DATA FOR ANALYSIS:
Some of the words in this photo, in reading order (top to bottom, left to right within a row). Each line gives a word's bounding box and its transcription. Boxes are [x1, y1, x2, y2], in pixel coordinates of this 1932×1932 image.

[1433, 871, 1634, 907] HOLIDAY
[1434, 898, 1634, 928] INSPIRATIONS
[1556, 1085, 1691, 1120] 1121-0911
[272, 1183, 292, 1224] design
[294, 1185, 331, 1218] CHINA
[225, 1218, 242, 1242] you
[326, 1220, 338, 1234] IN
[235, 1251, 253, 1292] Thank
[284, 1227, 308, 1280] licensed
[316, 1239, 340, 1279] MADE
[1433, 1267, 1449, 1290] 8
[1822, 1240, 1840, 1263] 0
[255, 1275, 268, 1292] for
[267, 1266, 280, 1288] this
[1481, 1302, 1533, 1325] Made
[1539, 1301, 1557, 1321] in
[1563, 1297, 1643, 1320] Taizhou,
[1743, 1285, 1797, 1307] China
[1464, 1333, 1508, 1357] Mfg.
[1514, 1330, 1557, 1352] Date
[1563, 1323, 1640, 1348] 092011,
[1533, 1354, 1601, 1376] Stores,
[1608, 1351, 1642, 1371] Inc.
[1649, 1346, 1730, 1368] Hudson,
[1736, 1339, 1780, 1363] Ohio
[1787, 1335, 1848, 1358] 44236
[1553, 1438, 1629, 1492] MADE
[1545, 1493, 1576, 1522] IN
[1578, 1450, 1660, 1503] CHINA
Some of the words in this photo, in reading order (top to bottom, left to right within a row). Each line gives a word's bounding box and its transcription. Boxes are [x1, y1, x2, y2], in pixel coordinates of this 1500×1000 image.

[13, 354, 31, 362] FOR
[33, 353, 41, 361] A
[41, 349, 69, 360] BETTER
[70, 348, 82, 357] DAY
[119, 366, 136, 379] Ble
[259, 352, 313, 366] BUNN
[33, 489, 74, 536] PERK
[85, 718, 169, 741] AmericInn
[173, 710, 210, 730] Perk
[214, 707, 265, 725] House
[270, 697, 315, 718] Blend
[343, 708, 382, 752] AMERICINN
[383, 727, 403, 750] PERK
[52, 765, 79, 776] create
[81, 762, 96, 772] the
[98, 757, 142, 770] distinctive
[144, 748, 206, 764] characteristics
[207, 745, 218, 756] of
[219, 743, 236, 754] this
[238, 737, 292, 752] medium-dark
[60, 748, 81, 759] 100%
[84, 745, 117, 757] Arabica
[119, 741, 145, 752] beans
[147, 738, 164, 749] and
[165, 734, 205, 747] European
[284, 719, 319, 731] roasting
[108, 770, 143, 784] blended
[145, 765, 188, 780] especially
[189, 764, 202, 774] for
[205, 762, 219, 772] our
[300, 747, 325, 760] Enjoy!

WHAT YOU SHOULD DO: Repeat, word for word, every line from the line that contains "this 1500×1000 image." to the end of the entries; include both of those lines and no others.

SOLUTION TO THIS TASK:
Some of the words in this photo, in reading order (top to bottom, left to right within a row). Each line gives a word's bounding box and its transcription. Boxes are [x1, y1, x2, y2], in pixel coordinates of this 1500×1000 image.

[13, 354, 31, 362] FOR
[33, 353, 41, 361] A
[41, 349, 69, 360] BETTER
[70, 348, 82, 357] DAY
[119, 366, 136, 379] Ble
[259, 352, 313, 366] BUNN
[33, 489, 74, 536] PERK
[85, 718, 169, 741] AmericInn
[173, 710, 210, 730] Perk
[214, 707, 265, 725] House
[270, 697, 315, 718] Blend
[343, 708, 382, 752] AMERICINN
[383, 727, 403, 750] PERK
[52, 765, 79, 776] create
[81, 762, 96, 772] the
[98, 757, 142, 770] distinctive
[144, 748, 206, 764] characteristics
[207, 745, 218, 756] of
[219, 743, 236, 754] this
[238, 737, 292, 752] medium-dark
[60, 748, 81, 759] 100%
[84, 745, 117, 757] Arabica
[119, 741, 145, 752] beans
[147, 738, 164, 749] and
[165, 734, 205, 747] European
[284, 719, 319, 731] roasting
[108, 770, 143, 784] blended
[145, 765, 188, 780] especially
[189, 764, 202, 774] for
[205, 762, 219, 772] our
[300, 747, 325, 760] Enjoy!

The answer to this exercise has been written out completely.